I sistemi binari di oggetti compatti sono le sorgenti ideali e maggiormente ricercate dai moderni rivelatori e il tipo di radiazione emesso può essere illustrato con una semplice analogia meccanica. Si pensi, infatti, a una coppia di barre in rotazione in uno stagno (vd. fig. c): le barre rotanti rappresentano il sistema di oggetti compatti e le onde dello stagno sono associate alle increspature della curvatura dello spazio tempo, cioè alle onde gravitazionali.
Spiraleggiando verso il bordo dello stagno, le onde portano con sé energia e momento angolare e diminuiscono in ampiezza, proprio come avviene per i sistemi binari.
Sorgenti di questo tipo emettono sotto forma di onde gravitazionali quantità di energia pari a qualche percento della loro massa. In pratica,in un intervallo di tempo di appena qualche millisecondo, sprigionano l’energia che centinaia di stelle simili al nostro Sole emettono in 10 miliardi d’anni, cioè in tutta la loro esistenza. Esse sono mediamente a grosse distanze dalla Terra e di conseguenza l’ampiezza che giunge a noi è estremamente piccola. Per avere un’idea, basti pensare che un sistema binario di buchi neri di massa uguale al nostro Sole, a una distanza di seicento milioni di anni luce, produce onde gravitazionali con un’ampiezza di una parte su mille miliardi di miliardi: prendendo come riferimento una lunghezza pari alla distanza tra la Terra e il Sole, la deformazione causata dall’onda gravitazionale sarebbe delle dimensioni di un atomo. Misure di questo tipo sono chiaramente al limite della nostra tecnologia e la rivelazione di onde gravitazionali rappresenta quindi una vera a propria sfida, non solo per la fisica sperimentale ma, in modo equivalente, anche per quella teorica.

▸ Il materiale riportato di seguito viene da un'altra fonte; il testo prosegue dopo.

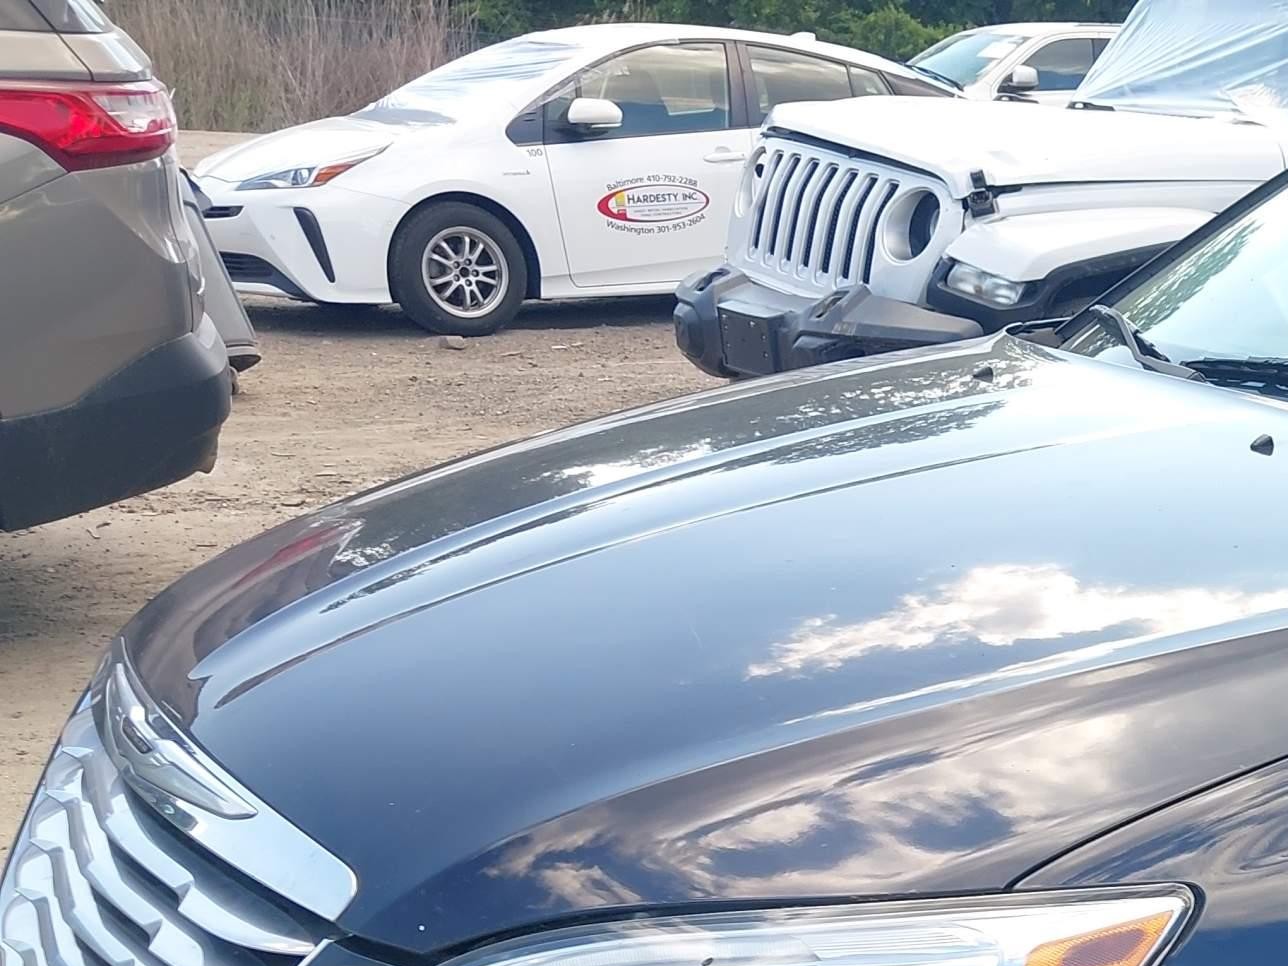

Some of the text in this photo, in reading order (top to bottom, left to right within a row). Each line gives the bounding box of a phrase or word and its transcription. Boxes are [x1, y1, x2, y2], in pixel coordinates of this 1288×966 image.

[526, 148, 543, 157] 100
[606, 174, 698, 191] Baltimore 410-792-2288
[627, 192, 678, 204] HARDESTY
[606, 214, 706, 235] Washington 301-953-2604
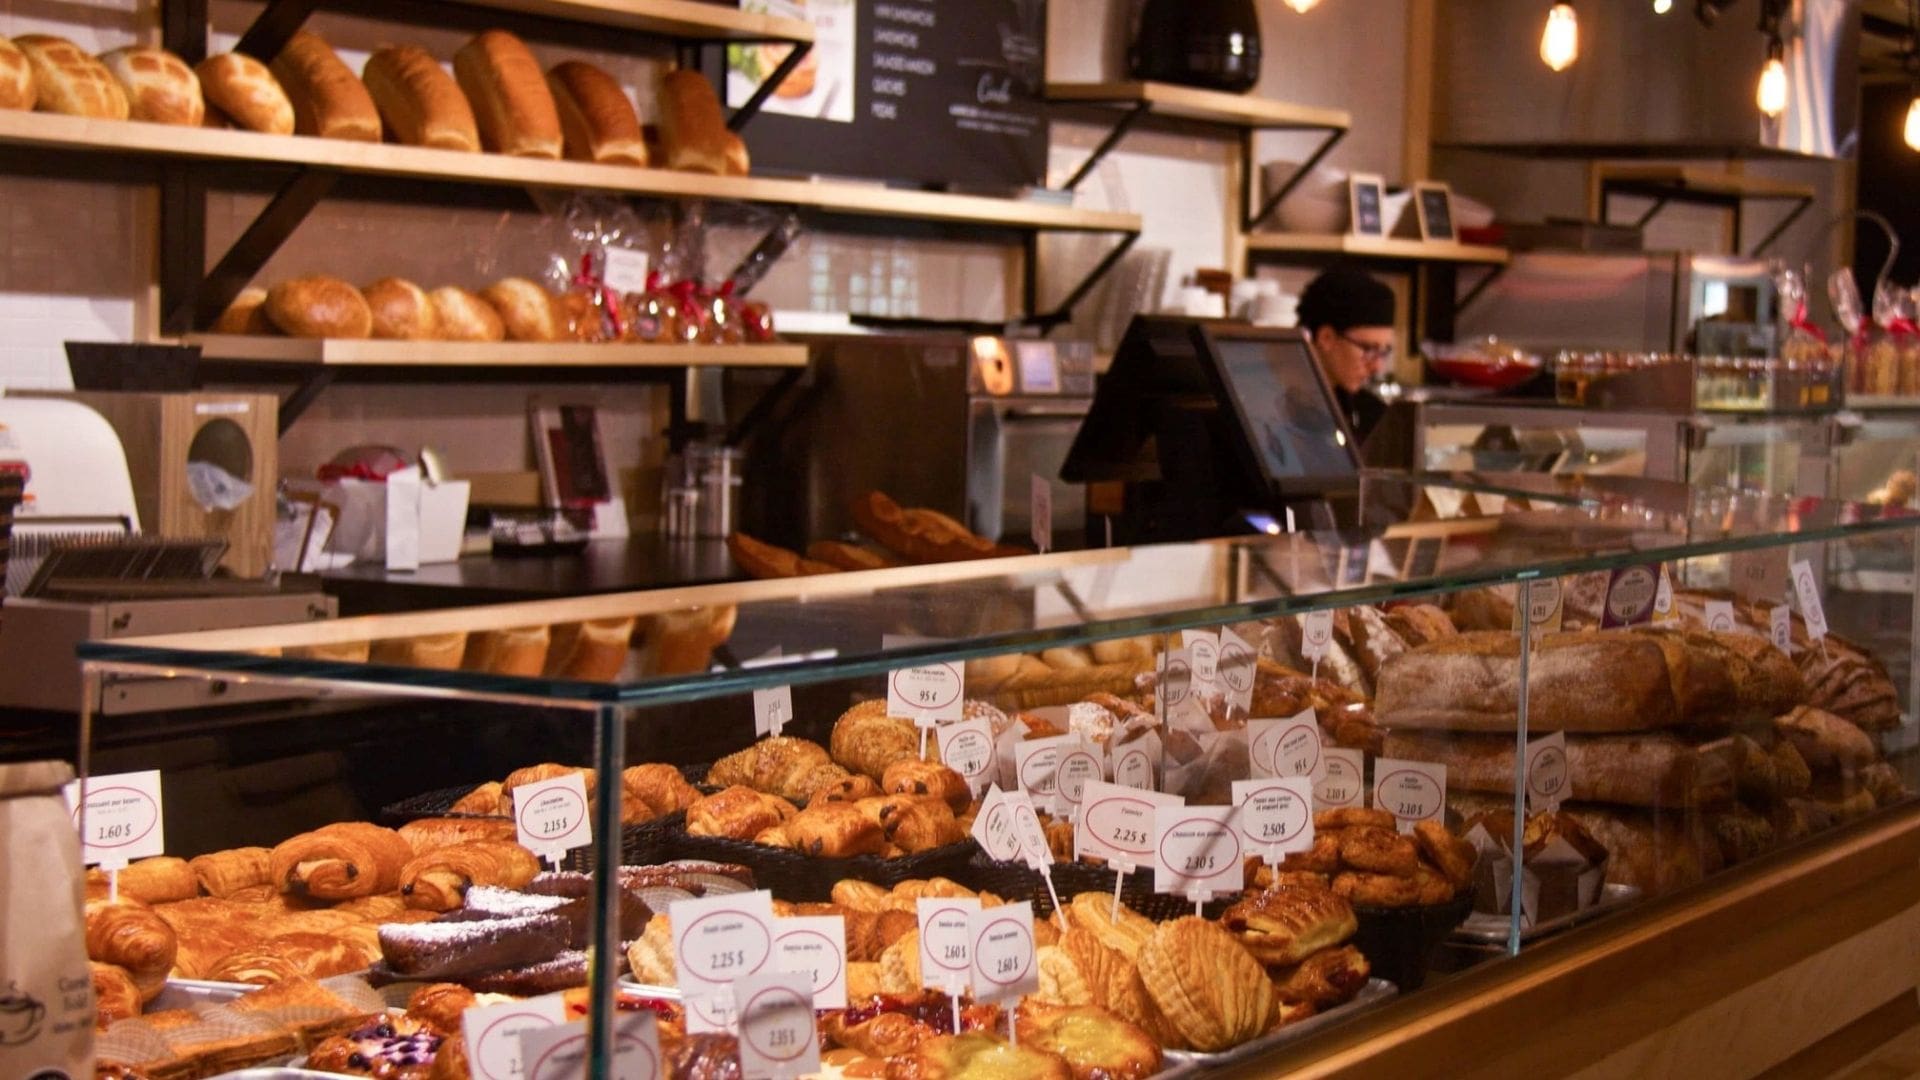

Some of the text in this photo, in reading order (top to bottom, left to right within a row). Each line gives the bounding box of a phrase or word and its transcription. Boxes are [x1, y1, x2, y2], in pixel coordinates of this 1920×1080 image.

[920, 690, 930, 702] 95
[1399, 802, 1417, 815] 2.10
[98, 822, 132, 840] 1.60 $
[543, 816, 567, 834] 2.15 $
[1113, 827, 1147, 844] 2.25 $
[1185, 856, 1215, 870] 2.30 $
[711, 949, 744, 970] 2.25 $
[944, 945, 966, 959] 2.60 $
[997, 955, 1019, 975] 2.60 $

Le onde attese, infatti, produrrebbero un segnale confrontabile con il rumore di fondo dei rivelatori, rappresentato dall’inevitabile contributo dell’ambiente, e quindi teoricamente impossibile da rivelare. Tuttavia, se il segnale fosse noto a priori, questo potrebbe essere “estratto” dal rumore di fondo tramite una tecnica chiamata matched filters che è abbastanza semplice da comprendere. Si immagini di essere all’ascolto di una trasmissione radiofonica estremamente disturbata ma in cui è comunque possibile udire e distinguere occasionalmente delle parole. Ebbene, se a noi fossero note alcune informazioni di base (come ad esempio la lingua usata, l’argomento discusso, il numero delle voci,e così via) il nostro cervello sarebbe in grado di“estrarre” il segnale dal rumore e ricostruire così, quasi interamente, quanto trasmesso.
Da un punto di vista teorico, quindi, la sfida è quella di predire la forma dell’onda gravitazionale prodotta dalle sorgenti più intense e comuni, al fine di fornire questa informazione ai fisici sperimentali che si occupano di mettere a punto i sistemi per la rivelazione. Sembrerebbe un compito semplice, ma non lo è affatto! La soluzione delle equazioni di Einstein in assenza di approssimazioni e simmetrie, infatti, è estremamente ardua, poiché le stesse equazioni sono molto complesse. A questo va poi aggiunta la necessità di descrivere il moto della materia attraverso le equazioni dell’idrodinamica e della magnetoidrodinamica, raggiungendo un numero di equazioni accoppiate così elevato, che la loro soluzione è possibile solo sfruttando le risorse dei più potenti supercalcolatori.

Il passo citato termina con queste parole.